> _Work to complete_
Transcribe each record exactly; skip any picture.

********************

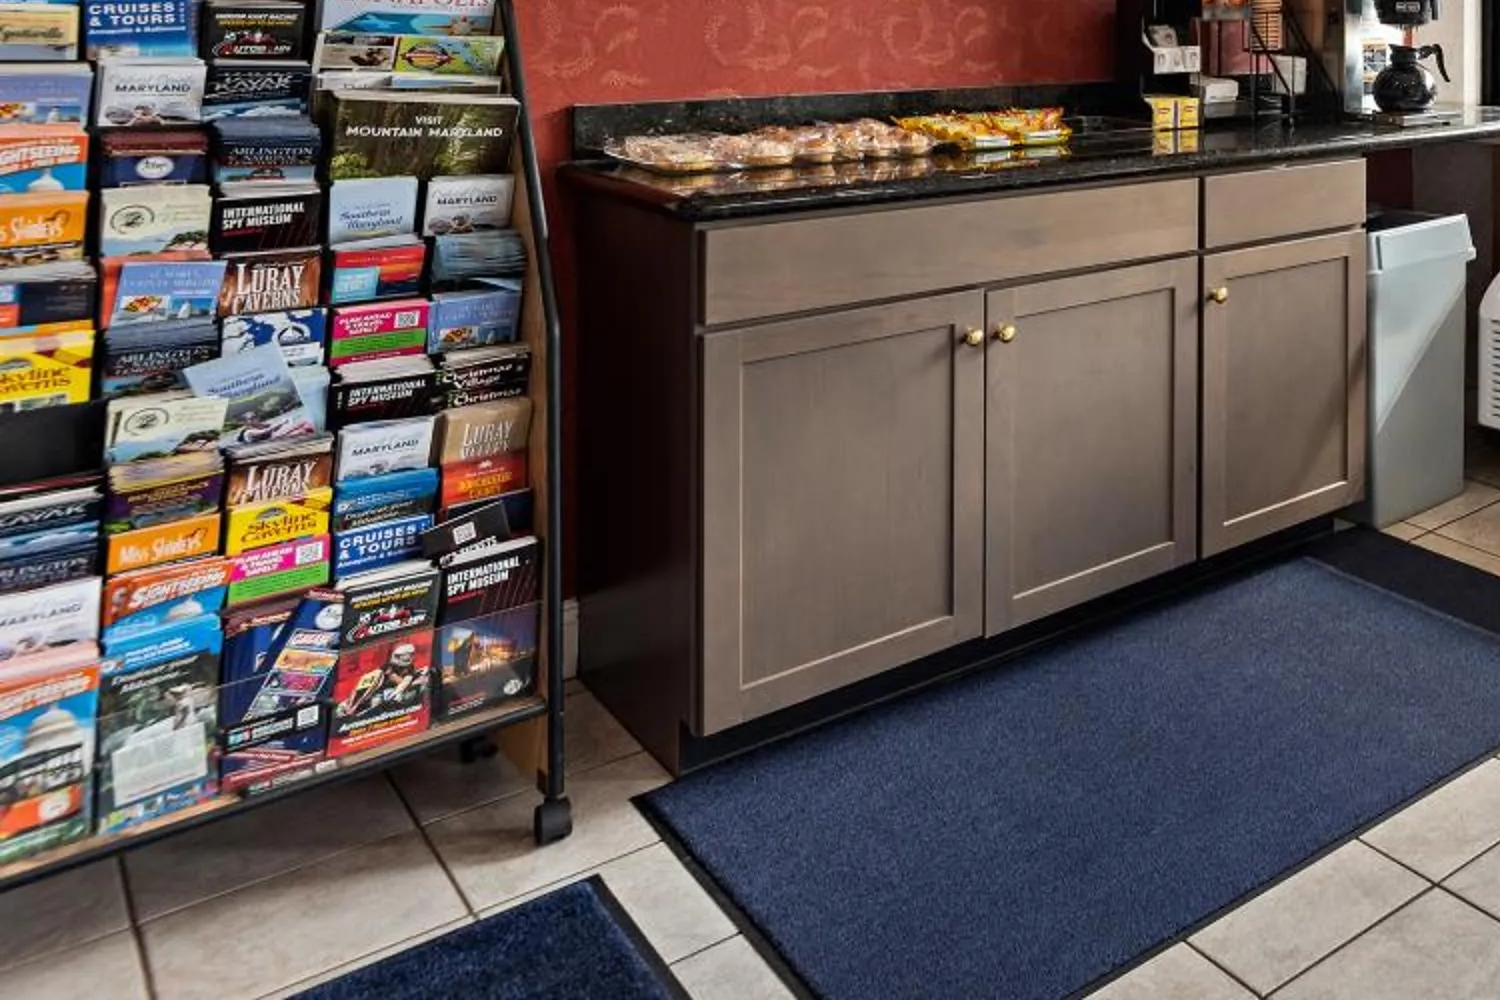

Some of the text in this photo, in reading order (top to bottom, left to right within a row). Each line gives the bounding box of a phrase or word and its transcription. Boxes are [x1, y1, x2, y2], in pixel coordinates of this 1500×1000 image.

[89, 1, 175, 15] CRUISES
[89, 13, 176, 27] & TOURS
[114, 83, 191, 93] MARYLAND
[415, 115, 444, 125] VISIT
[345, 126, 503, 138] MOUNTAIN MARYLAND
[223, 201, 305, 219] INTERNATIONAL
[437, 196, 498, 206] MARYLAND
[223, 214, 292, 231] SPY MUSEUM
[236, 263, 304, 294] LURAY
[233, 289, 301, 315] CAVERNS
[349, 379, 426, 398] INTERNATIONAL
[369, 389, 413, 403] MUSEUM
[463, 421, 512, 446] LURAY
[352, 438, 419, 456] MARYLAND
[247, 461, 317, 495] LURAY
[247, 512, 317, 532] Skyline
[241, 521, 317, 543] Caverns
[339, 524, 417, 549] CRUISES
[338, 535, 416, 560] & TOURS
[447, 556, 520, 585] INTERNATIONAL
[447, 571, 509, 597] SPY MUSEUM

********************

> _Response to this task_
Some of the text in this photo, in reading order (top to bottom, left to right within a row). Each line gives the bounding box of a phrase or word and its transcription. Boxes are [x1, y1, x2, y2], in pixel coordinates of this 1500×1000 image.

[89, 1, 175, 15] CRUISES
[89, 13, 176, 27] & TOURS
[114, 83, 191, 93] MARYLAND
[415, 115, 444, 125] VISIT
[345, 126, 503, 138] MOUNTAIN MARYLAND
[223, 201, 305, 219] INTERNATIONAL
[437, 196, 498, 206] MARYLAND
[223, 214, 292, 231] SPY MUSEUM
[236, 263, 304, 294] LURAY
[233, 289, 301, 315] CAVERNS
[349, 379, 426, 398] INTERNATIONAL
[369, 389, 413, 403] MUSEUM
[463, 421, 512, 446] LURAY
[352, 438, 419, 456] MARYLAND
[247, 461, 317, 495] LURAY
[247, 512, 317, 532] Skyline
[241, 521, 317, 543] Caverns
[339, 524, 417, 549] CRUISES
[338, 535, 416, 560] & TOURS
[447, 556, 520, 585] INTERNATIONAL
[447, 571, 509, 597] SPY MUSEUM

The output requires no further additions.